## WORKING DATA
[Start of section]

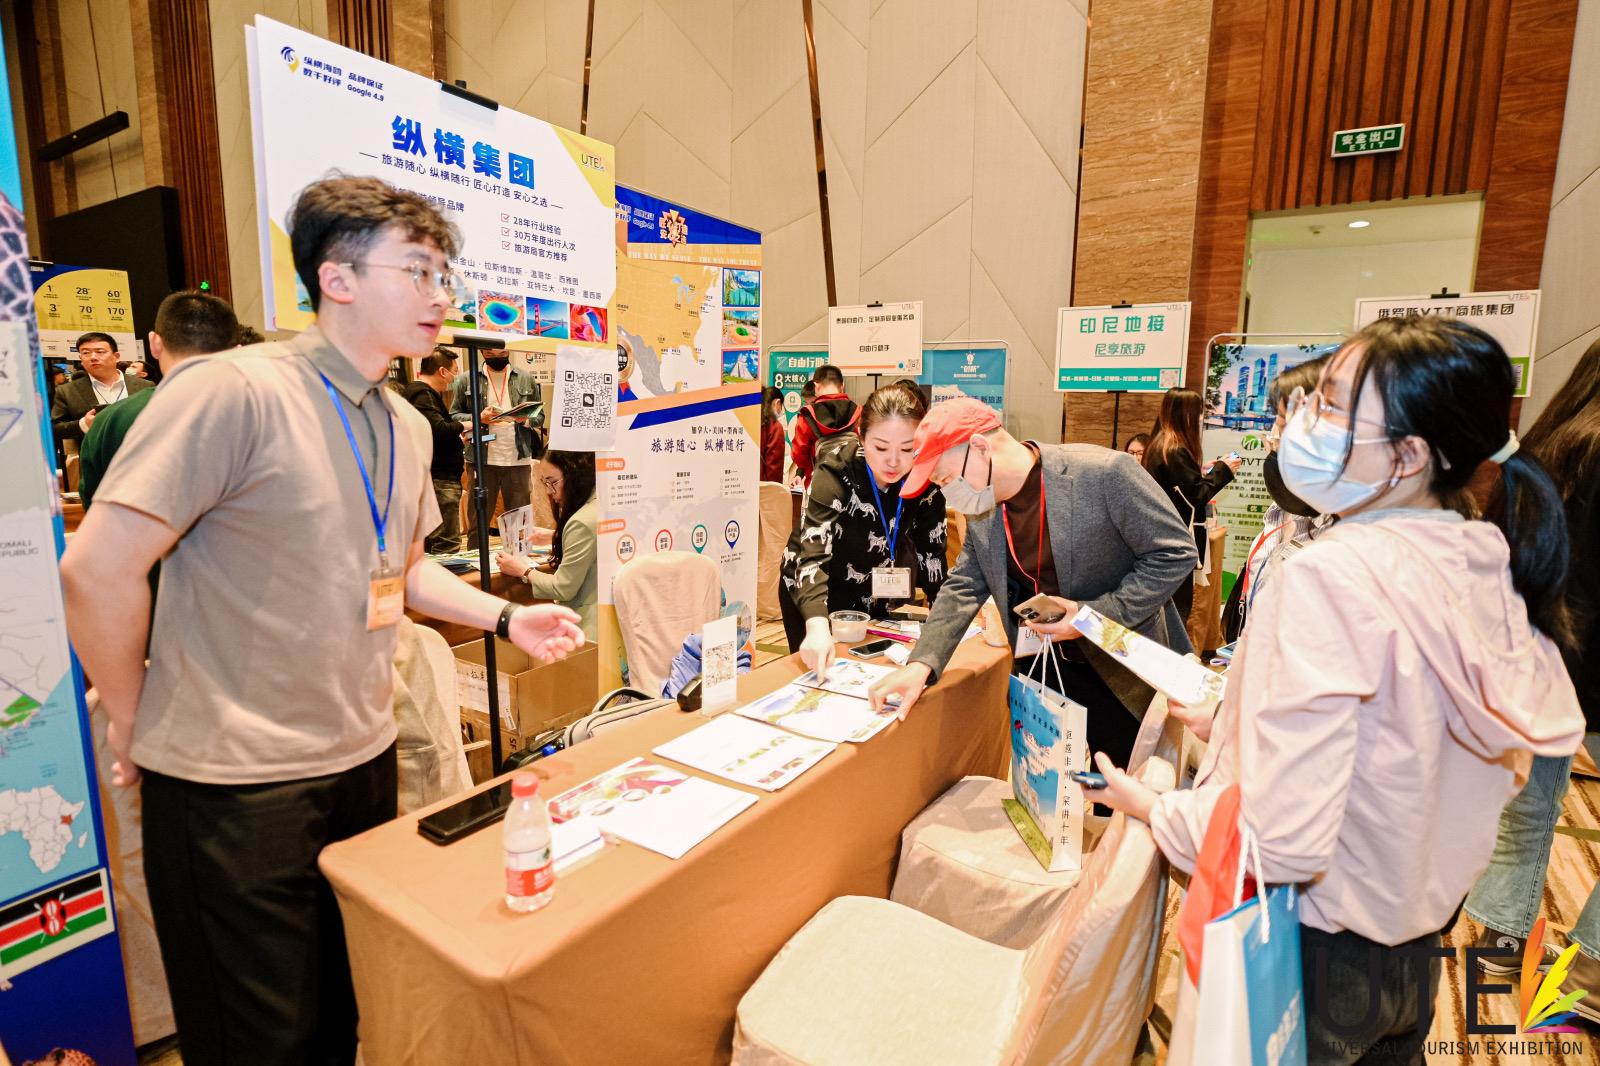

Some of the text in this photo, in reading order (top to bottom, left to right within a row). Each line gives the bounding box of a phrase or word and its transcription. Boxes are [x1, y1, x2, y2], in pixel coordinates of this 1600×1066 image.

[303, 67, 342, 87] 数千好评
[347, 84, 385, 102] Google 4.9
[1342, 129, 1396, 146] 安全出口
[1349, 141, 1384, 151] EXIT
[391, 114, 535, 190] 纵横集团
[381, 153, 548, 208] 旅游随心 纵横随行 匠心打造 安心之选
[513, 216, 562, 236] 28年行业经验
[513, 230, 576, 251] 30万年度出行人次
[514, 243, 568, 262] 旅游局官方推荐
[76, 287, 89, 296] 28
[107, 290, 120, 299] 60
[50, 303, 57, 313] 3
[107, 307, 126, 317] 170
[1079, 315, 1165, 334] 印尼地接
[1094, 343, 1146, 356] 尼享旅游
[774, 373, 784, 389] 8
[650, 437, 745, 453] 旅游随心 纵横随行

[End of section]

## WORK ITEM
Keep the pictures out of the copy and write out the data exactly as it stands.

## RESPONSE BOX
Some of the text in this photo, in reading order (top to bottom, left to right within a row). Each line gives the bounding box of a phrase or word and its transcription. Boxes are [x1, y1, x2, y2], in pixel coordinates of this 1600×1066 image.

[303, 67, 342, 87] 数千好评
[347, 84, 385, 102] Google 4.9
[1342, 129, 1396, 146] 安全出口
[1349, 141, 1384, 151] EXIT
[391, 114, 535, 190] 纵横集团
[381, 153, 548, 208] 旅游随心 纵横随行 匠心打造 安心之选
[513, 216, 562, 236] 28年行业经验
[513, 230, 576, 251] 30万年度出行人次
[514, 243, 568, 262] 旅游局官方推荐
[76, 287, 89, 296] 28
[107, 290, 120, 299] 60
[50, 303, 57, 313] 3
[107, 307, 126, 317] 170
[1079, 315, 1165, 334] 印尼地接
[1094, 343, 1146, 356] 尼享旅游
[774, 373, 784, 389] 8
[650, 437, 745, 453] 旅游随心 纵横随行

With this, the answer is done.